• Work instructions: Please transcribe the entries below exactly and leave out every picture.
** Material to process follows **
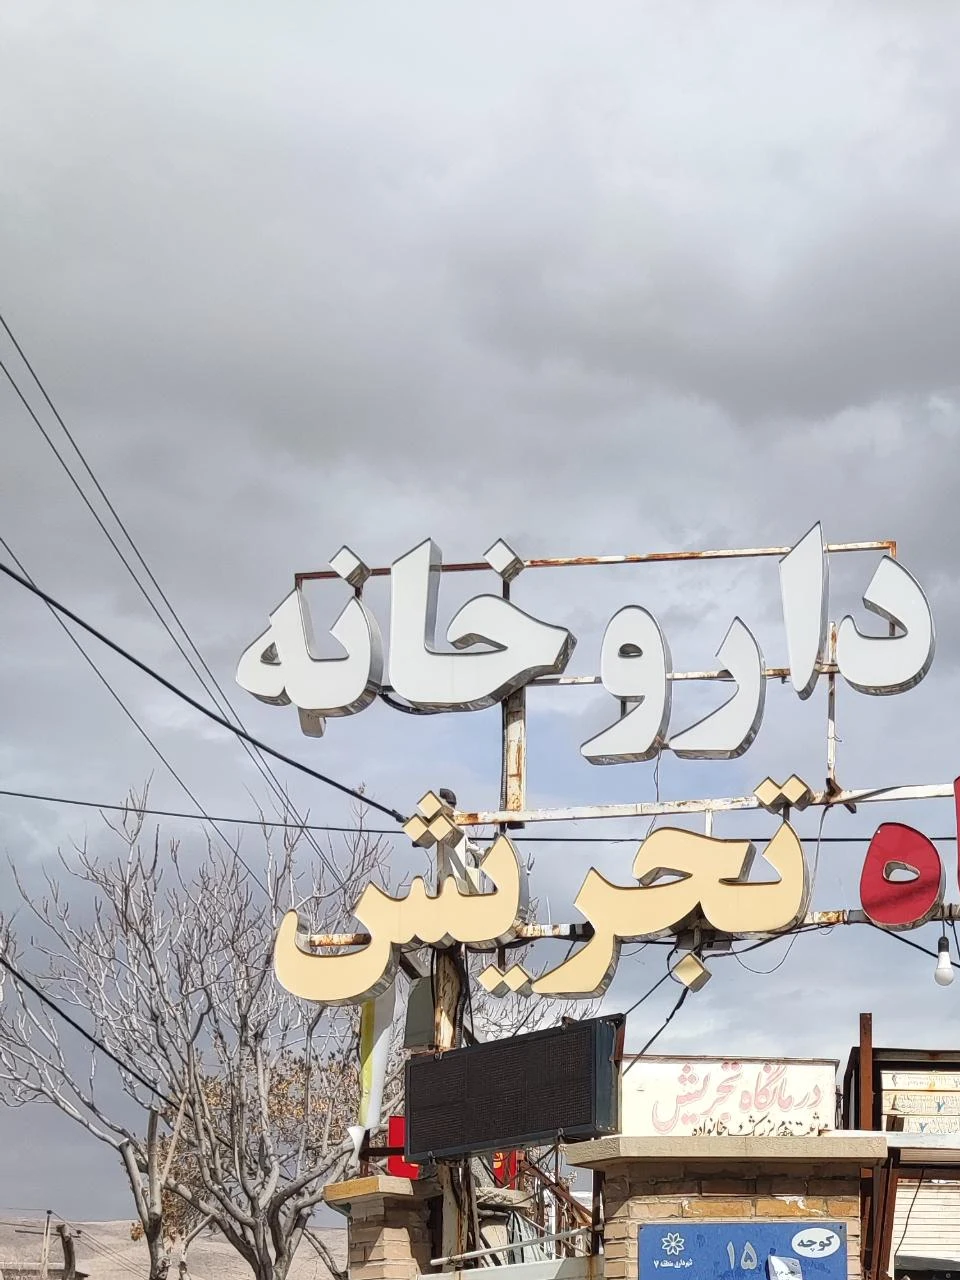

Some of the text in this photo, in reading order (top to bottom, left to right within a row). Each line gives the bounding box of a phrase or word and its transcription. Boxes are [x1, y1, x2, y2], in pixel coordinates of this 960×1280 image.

[235, 520, 936, 766] داروخانه
[273, 774, 812, 1006] تجریش
[652, 1061, 743, 1135] تجریش
[738, 1062, 824, 1113] درمانگاه
[674, 1257, 693, 1269] شهرداری
[726, 1241, 758, 1270] ۱۵
[796, 1234, 835, 1252] کوچه
** End of Material to process **
• Solution:
Some of the text in this photo, in reading order (top to bottom, left to right within a row). Each line gives the bounding box of a phrase or word and its transcription. Boxes are [x1, y1, x2, y2], in pixel coordinates of this 960×1280 image.

[235, 520, 936, 766] داروخانه
[273, 774, 812, 1006] تجریش
[652, 1061, 743, 1135] تجریش
[738, 1062, 824, 1113] درمانگاه
[674, 1257, 693, 1269] شهرداری
[726, 1241, 758, 1270] ۱۵
[796, 1234, 835, 1252] کوچه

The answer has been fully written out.